Montana State kept stocking the trench with size, landing a commitment from Sumner, Wash., offensive lineman Maciah Keene, a 6-foot-4, 305-pound tackle whose pledge fits the Bobcats’ blueprint for staying atop the FCS.
This is the kind of recruiting win that does not grab headlines the way a skill-position flip might, but it matters just as much for a program trying to defend a championship. Keene’s decision came after his official visit to Bozeman, where the reigning national champions sold him on more than facilities. The fit, the relationships, the culture, the development path and the atmosphere all pushed him toward Montana State, and that matters because offensive line recruiting is usually about projecting who can hold up in November, not who looks good in a summer announcement graphic.
Keene’s frame is the obvious starting point.
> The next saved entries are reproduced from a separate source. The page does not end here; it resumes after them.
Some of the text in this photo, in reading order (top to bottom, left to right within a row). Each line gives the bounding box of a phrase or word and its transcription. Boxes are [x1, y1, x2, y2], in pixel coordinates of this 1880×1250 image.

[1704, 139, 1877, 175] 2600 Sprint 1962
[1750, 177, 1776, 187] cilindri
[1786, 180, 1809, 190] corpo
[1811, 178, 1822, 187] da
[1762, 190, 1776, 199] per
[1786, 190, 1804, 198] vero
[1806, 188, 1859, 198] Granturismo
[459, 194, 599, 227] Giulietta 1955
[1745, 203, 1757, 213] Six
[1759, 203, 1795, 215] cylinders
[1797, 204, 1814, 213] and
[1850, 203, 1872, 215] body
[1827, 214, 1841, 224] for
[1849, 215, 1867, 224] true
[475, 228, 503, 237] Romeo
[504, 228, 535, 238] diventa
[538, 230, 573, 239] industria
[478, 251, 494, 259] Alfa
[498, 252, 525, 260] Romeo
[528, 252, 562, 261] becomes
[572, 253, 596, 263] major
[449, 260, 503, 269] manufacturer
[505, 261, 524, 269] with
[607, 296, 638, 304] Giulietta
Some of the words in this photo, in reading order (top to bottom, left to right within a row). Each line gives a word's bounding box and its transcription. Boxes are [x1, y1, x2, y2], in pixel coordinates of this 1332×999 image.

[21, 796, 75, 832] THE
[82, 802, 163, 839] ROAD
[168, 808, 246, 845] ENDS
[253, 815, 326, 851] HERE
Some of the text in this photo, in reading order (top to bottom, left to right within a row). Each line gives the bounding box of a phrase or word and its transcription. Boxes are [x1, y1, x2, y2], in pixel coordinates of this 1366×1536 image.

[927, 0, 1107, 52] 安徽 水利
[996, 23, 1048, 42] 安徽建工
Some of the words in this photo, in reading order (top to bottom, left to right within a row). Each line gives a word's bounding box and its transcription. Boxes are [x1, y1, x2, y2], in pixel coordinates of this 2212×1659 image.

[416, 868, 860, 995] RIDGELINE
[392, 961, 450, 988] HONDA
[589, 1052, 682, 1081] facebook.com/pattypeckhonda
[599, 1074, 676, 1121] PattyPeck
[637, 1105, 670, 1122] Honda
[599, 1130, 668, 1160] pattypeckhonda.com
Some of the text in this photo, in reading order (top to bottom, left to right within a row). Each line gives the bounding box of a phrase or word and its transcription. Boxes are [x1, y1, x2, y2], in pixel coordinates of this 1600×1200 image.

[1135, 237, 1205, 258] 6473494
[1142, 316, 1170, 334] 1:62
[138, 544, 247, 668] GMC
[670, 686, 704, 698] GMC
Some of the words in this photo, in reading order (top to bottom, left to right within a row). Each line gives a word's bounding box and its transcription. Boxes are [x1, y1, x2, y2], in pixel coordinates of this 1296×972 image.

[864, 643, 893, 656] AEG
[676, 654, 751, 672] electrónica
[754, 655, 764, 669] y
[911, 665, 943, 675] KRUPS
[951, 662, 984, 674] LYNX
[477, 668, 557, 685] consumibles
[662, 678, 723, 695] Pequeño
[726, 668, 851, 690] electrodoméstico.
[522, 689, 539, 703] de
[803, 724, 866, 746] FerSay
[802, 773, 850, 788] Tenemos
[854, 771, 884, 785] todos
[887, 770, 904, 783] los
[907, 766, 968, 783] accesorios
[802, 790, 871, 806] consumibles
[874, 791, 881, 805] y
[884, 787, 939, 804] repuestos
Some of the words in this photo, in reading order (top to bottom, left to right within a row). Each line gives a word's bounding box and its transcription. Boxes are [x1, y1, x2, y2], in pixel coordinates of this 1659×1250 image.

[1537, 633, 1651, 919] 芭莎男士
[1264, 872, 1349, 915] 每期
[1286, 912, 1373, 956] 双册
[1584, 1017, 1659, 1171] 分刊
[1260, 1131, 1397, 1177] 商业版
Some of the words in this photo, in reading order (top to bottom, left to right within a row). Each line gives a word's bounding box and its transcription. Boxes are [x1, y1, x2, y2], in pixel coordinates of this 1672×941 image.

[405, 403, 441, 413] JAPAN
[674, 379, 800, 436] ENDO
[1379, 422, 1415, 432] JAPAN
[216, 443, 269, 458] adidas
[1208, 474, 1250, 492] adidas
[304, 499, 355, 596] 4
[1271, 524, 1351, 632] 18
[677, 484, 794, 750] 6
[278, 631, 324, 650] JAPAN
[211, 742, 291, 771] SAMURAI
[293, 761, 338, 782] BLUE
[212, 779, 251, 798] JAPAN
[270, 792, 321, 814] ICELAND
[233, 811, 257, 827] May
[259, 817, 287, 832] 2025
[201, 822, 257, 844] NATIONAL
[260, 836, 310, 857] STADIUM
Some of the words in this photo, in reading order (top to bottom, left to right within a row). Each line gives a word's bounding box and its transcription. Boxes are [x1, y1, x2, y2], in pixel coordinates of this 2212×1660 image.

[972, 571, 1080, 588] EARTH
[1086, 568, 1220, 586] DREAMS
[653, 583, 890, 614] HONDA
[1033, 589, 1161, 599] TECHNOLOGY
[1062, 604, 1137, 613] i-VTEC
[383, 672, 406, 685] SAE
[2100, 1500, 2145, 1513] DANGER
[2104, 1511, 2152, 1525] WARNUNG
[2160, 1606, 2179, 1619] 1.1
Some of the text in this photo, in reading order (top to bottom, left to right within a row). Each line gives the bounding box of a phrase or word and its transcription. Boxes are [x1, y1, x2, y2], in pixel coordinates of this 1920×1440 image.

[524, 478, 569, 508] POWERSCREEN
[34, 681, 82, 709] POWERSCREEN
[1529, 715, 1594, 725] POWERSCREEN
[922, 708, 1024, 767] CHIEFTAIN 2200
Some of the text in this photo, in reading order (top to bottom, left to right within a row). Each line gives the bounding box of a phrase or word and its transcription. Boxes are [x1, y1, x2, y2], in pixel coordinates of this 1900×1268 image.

At 305 pounds, he gives Montana State another big body with the kind of mass that can survive the FCS grind in the Big Sky and the postseason. But the deeper value is what his commitment says about the Bobcats’ roster-building strategy. Montana State is not just adding tackles. It is building an offensive line room with enough depth and enough developmental upside to keep the front from cracking when the season gets long.
Head coach Brent Vigen made an impression after Montana State offered Keene on April 17. Keene said Vigen valued both his film and the person behind it, which is exactly the kind of message a contender wants from a head coach trying to keep a winning culture intact. Offensive line coach Matthew Smith also played a central role, with Keene pointing to a genuine relationship from day one and Smith’s track record of development. That combination, trust from the head coach and credibility from the position coach, is how programs keep bringing in linemen who buy into the work before they ever take a snap.

Montana State’s recent success changes the stakes on every offensive line commit. Once a team has already crossed the championship line, every addition gets judged through the lens of sustainability: Can this roster keep the quarterback clean, keep the run game on schedule and keep the front four or five deep enough to survive injuries? Keene gives the Bobcats another piece in that equation, and for a program that wants its title run to look like a standard rather than a peak, that is the real story.